Collected data:
▼▼▼
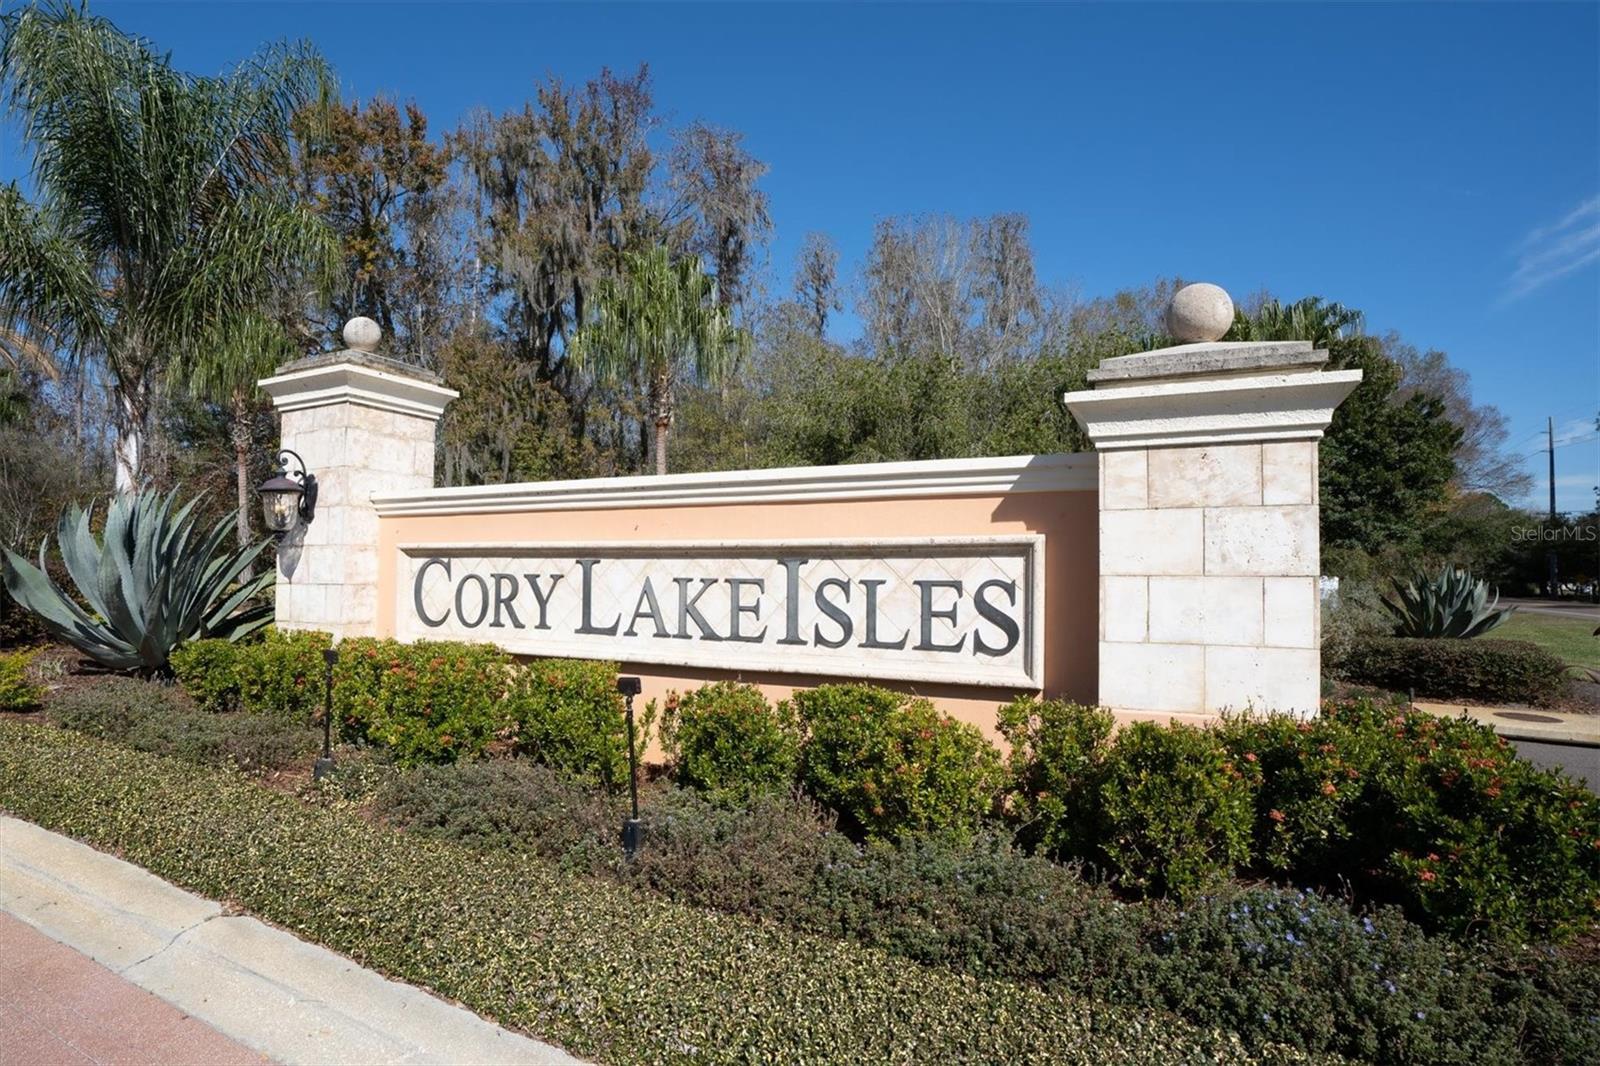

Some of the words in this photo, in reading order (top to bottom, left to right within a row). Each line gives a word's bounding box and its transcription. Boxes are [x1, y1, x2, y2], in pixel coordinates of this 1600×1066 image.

[414, 557, 564, 629] CORY
[575, 559, 767, 643] LAKE
[776, 557, 1020, 657] ISLES
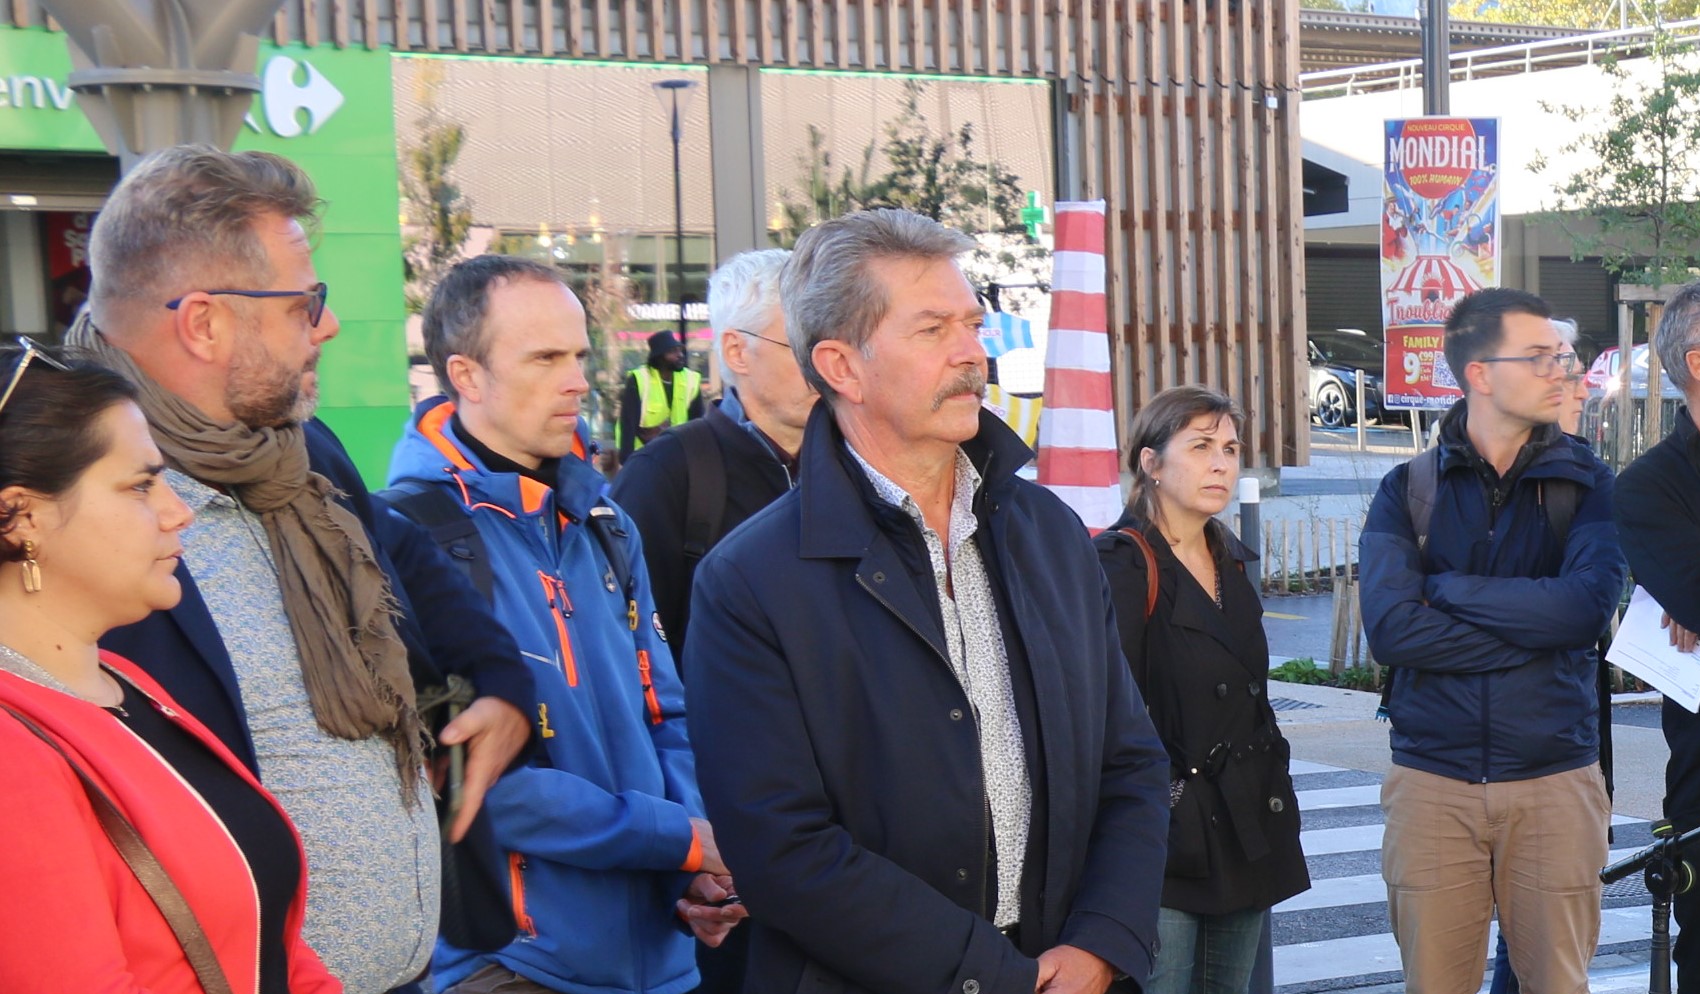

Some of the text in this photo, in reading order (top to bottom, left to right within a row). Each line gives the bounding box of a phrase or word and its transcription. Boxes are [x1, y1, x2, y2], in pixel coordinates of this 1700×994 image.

[1407, 123, 1466, 132] NOUVEAU CIRQUE
[1389, 136, 1489, 173] MONDIAL
[1409, 173, 1463, 186] 100% HUMAIN
[1403, 335, 1440, 348] FAMILY
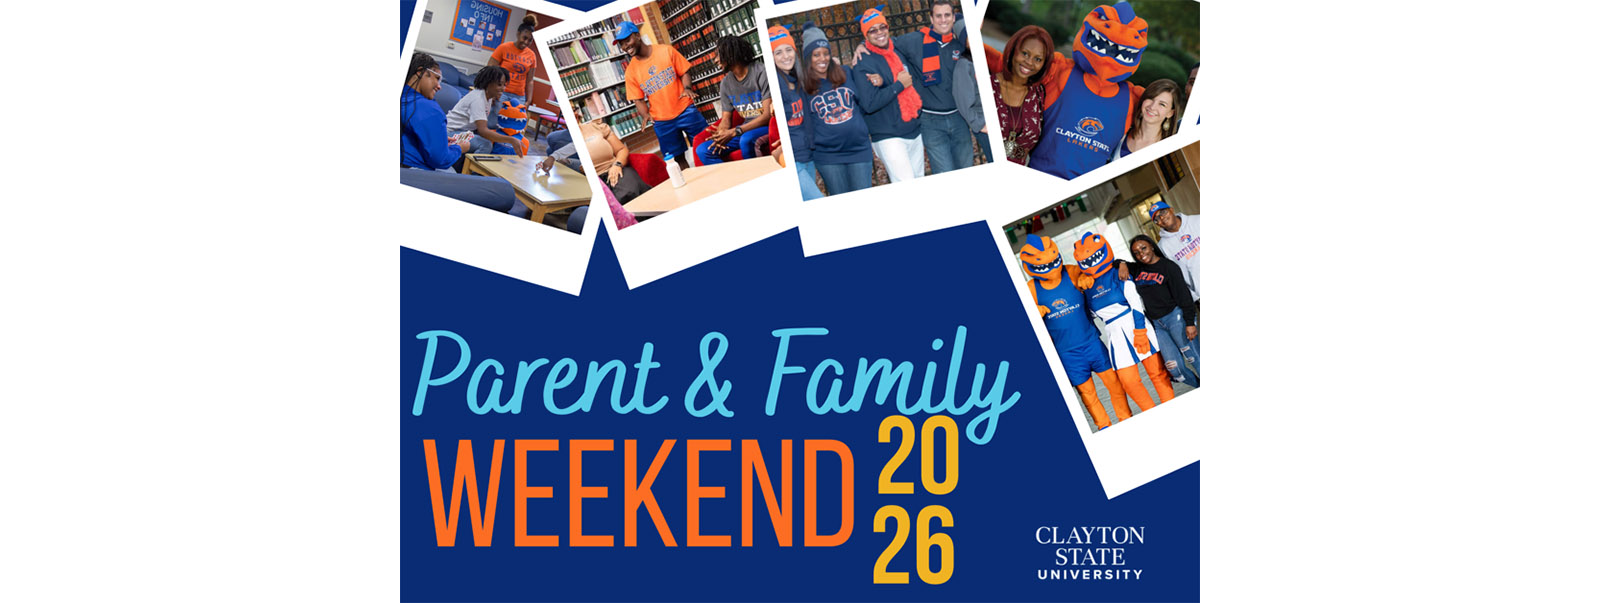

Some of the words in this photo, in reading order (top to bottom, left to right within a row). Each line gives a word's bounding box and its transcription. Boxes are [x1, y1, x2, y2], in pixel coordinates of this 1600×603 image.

[811, 87, 854, 119] CSU
[1056, 128, 1091, 144] CLAYTON
[1067, 138, 1098, 152] LAKERS
[412, 330, 668, 416] Parent
[684, 332, 734, 418] &
[765, 326, 1021, 445] Family
[878, 415, 959, 494] 20
[423, 440, 855, 547] WEEKEND
[873, 505, 954, 585] 26
[1036, 526, 1145, 544] CLAYTON
[1056, 548, 1125, 565] STATE
[1038, 570, 1142, 580] UNIVERSITY
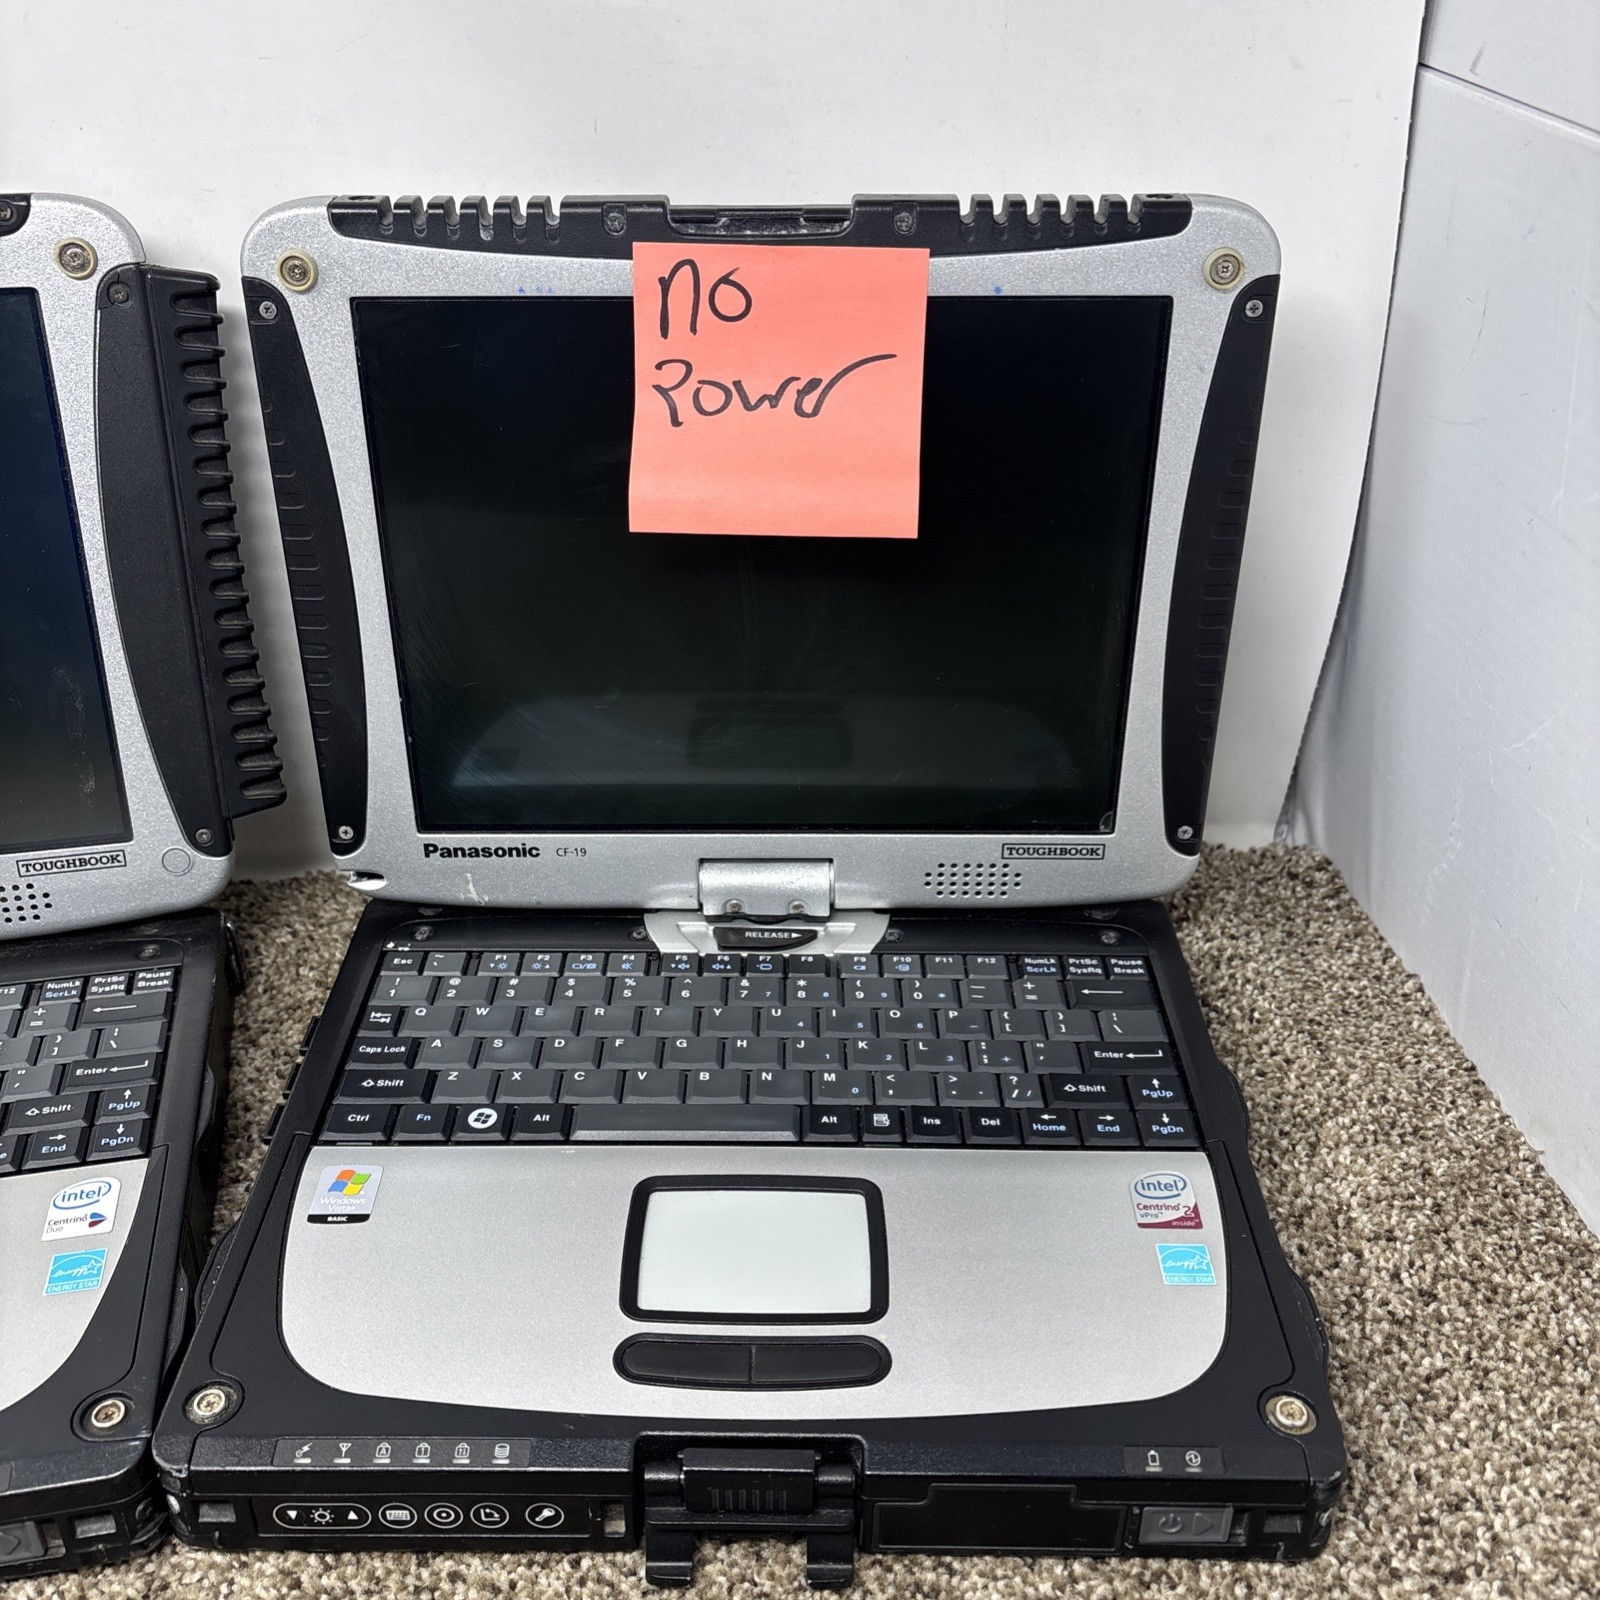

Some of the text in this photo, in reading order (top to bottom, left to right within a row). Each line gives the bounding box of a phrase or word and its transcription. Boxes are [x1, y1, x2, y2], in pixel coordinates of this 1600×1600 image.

[423, 843, 587, 859] Panasonic CF-19
[1006, 847, 1101, 856] TOUGHBOOK
[21, 854, 122, 873] TOUGHBOOK
[745, 931, 790, 939] RELEASE
[47, 981, 80, 989] NumLk
[138, 979, 168, 987] Break
[91, 984, 124, 993] SysRq
[45, 990, 77, 998] ScrLk
[390, 989, 395, 997] 1
[447, 989, 456, 997] 2
[506, 989, 515, 997] 3
[415, 1008, 426, 1016] Q
[714, 1008, 722, 1016] Y
[890, 1010, 900, 1018] O
[431, 1039, 441, 1047] A
[493, 1039, 503, 1047] S
[555, 1039, 565, 1047] D
[615, 1039, 624, 1047] F
[676, 1039, 687, 1047] G
[797, 1040, 804, 1048] J
[858, 1041, 868, 1049] K
[919, 1042, 927, 1050] L
[359, 1045, 406, 1054] Caps Lock
[76, 1066, 108, 1075] Enter
[448, 1072, 458, 1080] Z
[512, 1072, 522, 1080] X
[574, 1072, 585, 1080] C
[638, 1072, 647, 1080] V
[700, 1072, 709, 1080] B
[762, 1072, 772, 1080] N
[824, 1073, 835, 1081] M
[1142, 1090, 1173, 1098] PgUp
[42, 1105, 71, 1114] Shift
[109, 1101, 140, 1110] PgUp
[1152, 1125, 1183, 1134] PgDn
[101, 1134, 134, 1147] PgDn
[42, 1144, 66, 1153] End
[1140, 1179, 1179, 1192] intel
[62, 1186, 101, 1202] intel
[320, 1197, 366, 1205] Windows
[1183, 1205, 1195, 1217] 2
[46, 1226, 63, 1234] Duo
[47, 1280, 98, 1293] ENERGY STAR
▲▲▲
Reproduce the entries exactly. Do not carry over any picture.

# ANSWER TO THE EXERCISE
Some of the words in this photo, in reading order (top to bottom, left to right within a row). Each line gives a word's bounding box and its transcription. Boxes are [x1, y1, x2, y2], in pixel coordinates of this 1600×1066 image.

[414, 557, 564, 629] CORY
[575, 559, 767, 643] LAKE
[776, 557, 1020, 657] ISLES

Some of the text in this photo, in reading order (top to bottom, left to right within a row). Each line gives the bounding box of a phrase or word and its transcription. Boxes are [x1, y1, x2, y2], in pixel coordinates of this 1700×994 image.

[1407, 123, 1466, 132] NOUVEAU CIRQUE
[1389, 136, 1489, 173] MONDIAL
[1409, 173, 1463, 186] 100% HUMAIN
[1403, 335, 1440, 348] FAMILY

Some of the words in this photo, in reading order (top to bottom, left to right within a row). Each line gives a word's bounding box and its transcription. Boxes are [x1, y1, x2, y2], in pixel coordinates of this 1600×603 image.

[811, 87, 854, 119] CSU
[1056, 128, 1091, 144] CLAYTON
[1067, 138, 1098, 152] LAKERS
[412, 330, 668, 416] Parent
[684, 332, 734, 418] &
[765, 326, 1021, 445] Family
[878, 415, 959, 494] 20
[423, 440, 855, 547] WEEKEND
[873, 505, 954, 585] 26
[1036, 526, 1145, 544] CLAYTON
[1056, 548, 1125, 565] STATE
[1038, 570, 1142, 580] UNIVERSITY

Some of the text in this photo, in reading order (top to bottom, left to right within a row). Each line gives the bounding box of a phrase or word and its transcription. Boxes are [x1, y1, x2, y2], in pixel coordinates of this 1600×1600 image.

[423, 843, 587, 859] Panasonic CF-19
[1006, 847, 1101, 856] TOUGHBOOK
[21, 854, 122, 873] TOUGHBOOK
[745, 931, 790, 939] RELEASE
[47, 981, 80, 989] NumLk
[138, 979, 168, 987] Break
[91, 984, 124, 993] SysRq
[45, 990, 77, 998] ScrLk
[390, 989, 395, 997] 1
[447, 989, 456, 997] 2
[506, 989, 515, 997] 3
[415, 1008, 426, 1016] Q
[714, 1008, 722, 1016] Y
[890, 1010, 900, 1018] O
[431, 1039, 441, 1047] A
[493, 1039, 503, 1047] S
[555, 1039, 565, 1047] D
[615, 1039, 624, 1047] F
[676, 1039, 687, 1047] G
[797, 1040, 804, 1048] J
[858, 1041, 868, 1049] K
[919, 1042, 927, 1050] L
[359, 1045, 406, 1054] Caps Lock
[76, 1066, 108, 1075] Enter
[448, 1072, 458, 1080] Z
[512, 1072, 522, 1080] X
[574, 1072, 585, 1080] C
[638, 1072, 647, 1080] V
[700, 1072, 709, 1080] B
[762, 1072, 772, 1080] N
[824, 1073, 835, 1081] M
[1142, 1090, 1173, 1098] PgUp
[42, 1105, 71, 1114] Shift
[109, 1101, 140, 1110] PgUp
[1152, 1125, 1183, 1134] PgDn
[101, 1134, 134, 1147] PgDn
[42, 1144, 66, 1153] End
[1140, 1179, 1179, 1192] intel
[62, 1186, 101, 1202] intel
[320, 1197, 366, 1205] Windows
[1183, 1205, 1195, 1217] 2
[46, 1226, 63, 1234] Duo
[47, 1280, 98, 1293] ENERGY STAR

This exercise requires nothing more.